Some Examples of Sexual Harassment

·         Sam needs help with a literature assignment.  He is wary of talking to his professor because the one time Sam asked for help before, the professor said, "I don't have any office hours free.  The only time I have available is at night.  Why don't you come over to my apartment?"

·         Jane is one of three women in her mathematics class.  The male professor frequently says things like, "Women just can't do math," and he tells jokes about women in sexual situations.

·         Brad is a legislative intern in the state capital.  His supervisor, a respected legislator, has told him that he can guarantee himself a good evaluation by being "friendly".

·         Pete, who is in Amanda's history class, has asked her out several times.  She has said no.  He sits right next to her each class period, talks about her attractive body and "accidentally" bumps up against her all the time.  

University Procedure for Sexual Harassment

If you believe that you are the survivor of sexual harassment, you may use either the informal or formal procedures outlined below:  

Informal Procedures

1. You may seek a resolution of the matter through discussions with the alleged offender.  Before adopting this approach, however, you may choose to seek advice from Mr.
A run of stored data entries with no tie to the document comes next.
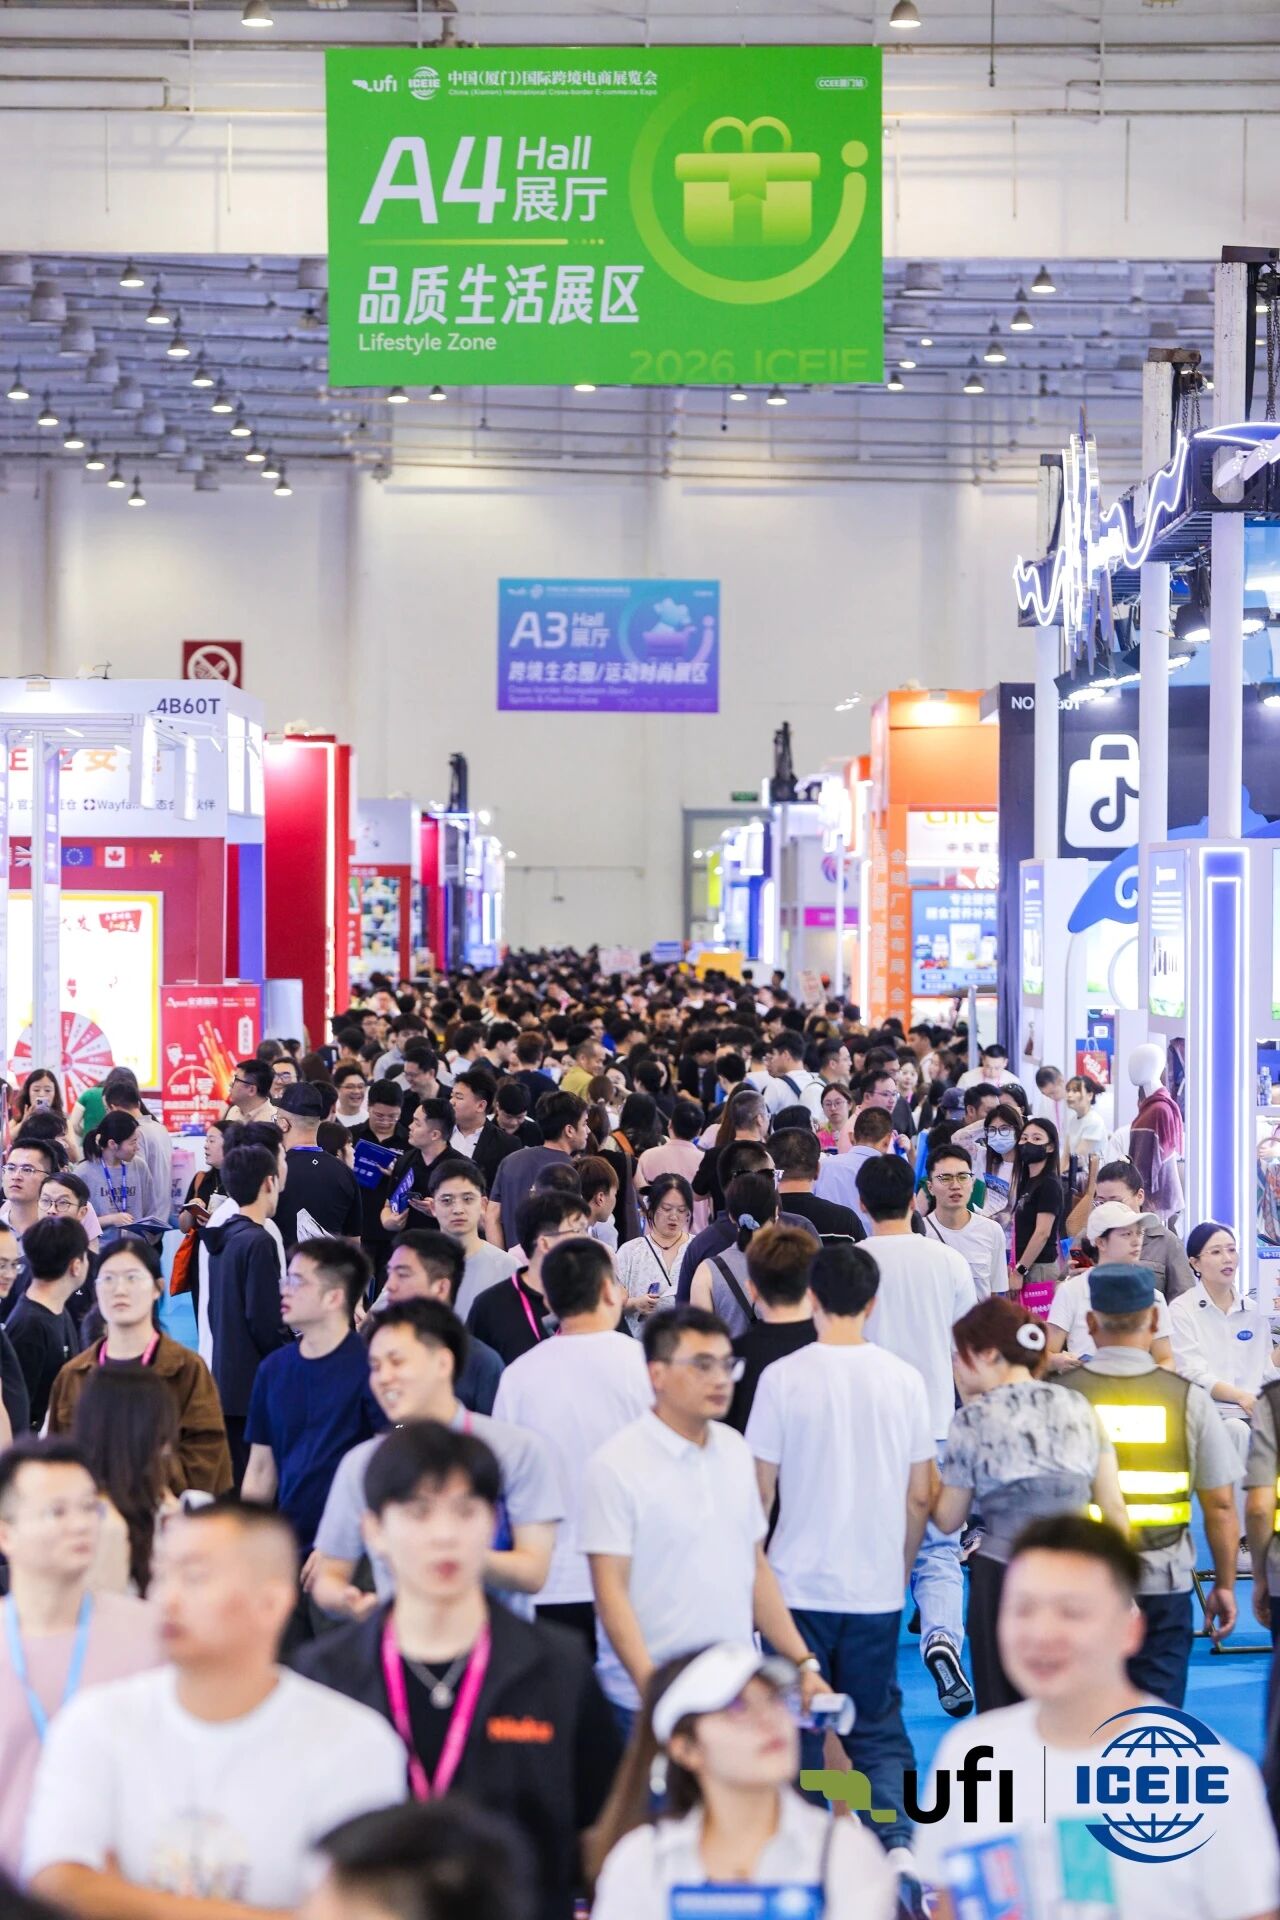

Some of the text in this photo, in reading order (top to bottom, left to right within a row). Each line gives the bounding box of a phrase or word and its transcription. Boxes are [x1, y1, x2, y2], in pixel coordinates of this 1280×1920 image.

[516, 135, 592, 171] Hall
[358, 136, 507, 224] A4
[512, 176, 608, 222] 展厅
[358, 263, 645, 326] 品质生活展区
[358, 332, 497, 355] Lifestyle Zone
[629, 348, 736, 382] 2026
[509, 610, 569, 649] A3
[571, 611, 605, 627] Hall
[570, 627, 610, 648] 展厅
[156, 698, 221, 715] 4B60T
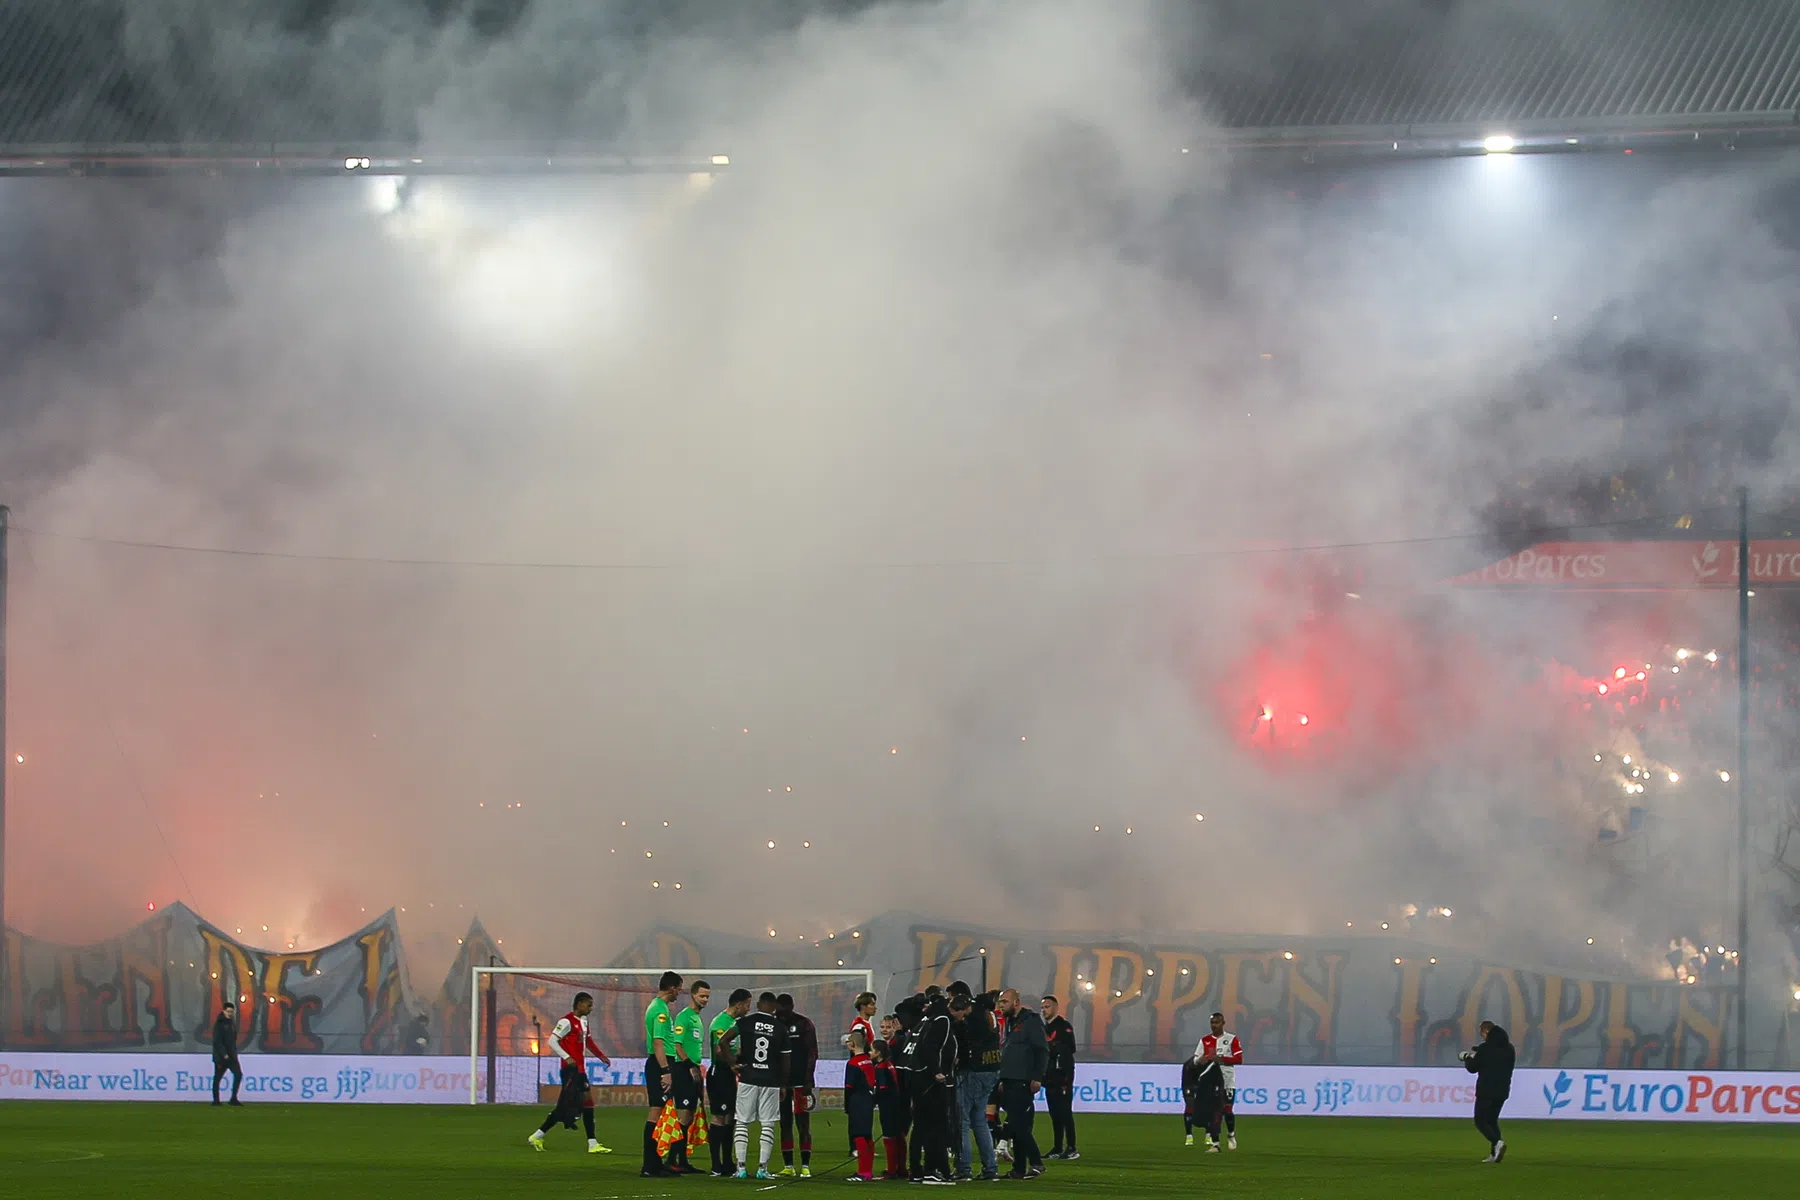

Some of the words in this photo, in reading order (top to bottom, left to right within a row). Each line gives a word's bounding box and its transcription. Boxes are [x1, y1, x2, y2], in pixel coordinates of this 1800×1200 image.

[754, 1036, 770, 1063] 8
[34, 1069, 92, 1090] Naar
[98, 1069, 168, 1091] welke
[176, 1071, 294, 1093] Euroarcs
[301, 1076, 328, 1098] ga
[333, 1070, 371, 1099] jij?
[1277, 1088, 1307, 1111] ga
[1312, 1079, 1353, 1112] jij?
[1582, 1074, 1800, 1114] EuroParcs
Wes Pratt, the Equal Opportunity Officer, Park Central Office Building 111, 836-4252, on how best to confront an individual whose conduct you believe to be offensive.  

2. You may report the incident(s) to the alleged offender's immediate or general supervisor.  The appropriate supervisor to contact in each of the following cases is as follows:

 Alleged OffenderAppropriate Contact
Faculty Member Department Head or Dean of the College
Staff Member   Immediate Supervisor or Department Head
Student  Residence Hall Director or Office of Student Conduct                       

  

                                                    

Formal Procedures

If you decide to file a formal complaint, you should contact Wes Pratt, the Equal Opportunity Officer, Park Central Office Building, 836-4252.  

Amorous Relationships

The University's mission is promoted by professionalism, which is fostered by an atmosphere of mutual trust and respect.  These are diminished when persons in positions of authority abuse their authority, as in the case of amorous relationships between faculty and students.  
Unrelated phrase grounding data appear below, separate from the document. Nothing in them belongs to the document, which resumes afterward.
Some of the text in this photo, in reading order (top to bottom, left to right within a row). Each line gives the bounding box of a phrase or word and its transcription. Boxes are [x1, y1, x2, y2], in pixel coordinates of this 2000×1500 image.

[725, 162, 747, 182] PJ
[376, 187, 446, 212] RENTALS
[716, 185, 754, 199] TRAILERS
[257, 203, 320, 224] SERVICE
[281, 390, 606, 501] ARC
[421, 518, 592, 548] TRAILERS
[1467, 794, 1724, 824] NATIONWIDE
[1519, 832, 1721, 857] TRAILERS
An amorous relationship between a faculty member and a student is generally wrong when the faculty member has professional responsibility, such as grading or advising, for the student.  Such a situation increases the chances for abuse of power.  The University will view it as unethical if faculty members engage in amorous relationships with students enrolled in their classes or subject to their supervision.  The behavior is, in most cases, unethical even when the relationship is consensual (i.e., both parties have consented) because the voluntary consent of the student is in doubt given the power imbalance in the student-faculty relationship.  Even if consent were to be shown, a clear conflict of interest would still exist which might create the appearance of discrimination or favoritism in grading or access to educational opportunities.  

Relationships between a graduate student and an undergraduate student, when the graduate student has some supervisory responsibility for the undergraduate, are covered by this policy.  Relationships between a student and an administrator, coach, advisor, program director, counselor, or residence life, housing and dining services staff member who has supervisory responsibility for that student also are covered.  

An employee may make a request for a specific exception to this policy to his or her supervisor, who may approve or deny the request.  The supervisor should maintain written documentation of the employee request and the decision to approve or deny the request.  

Faculty or employees engaged in unethical conduct of the type described in this policy are subject to the normal disciplinary procedures of the University.  Such unethical conduct may or may not involve sexual harassment as proscribed by the Sexual Harassment Policy.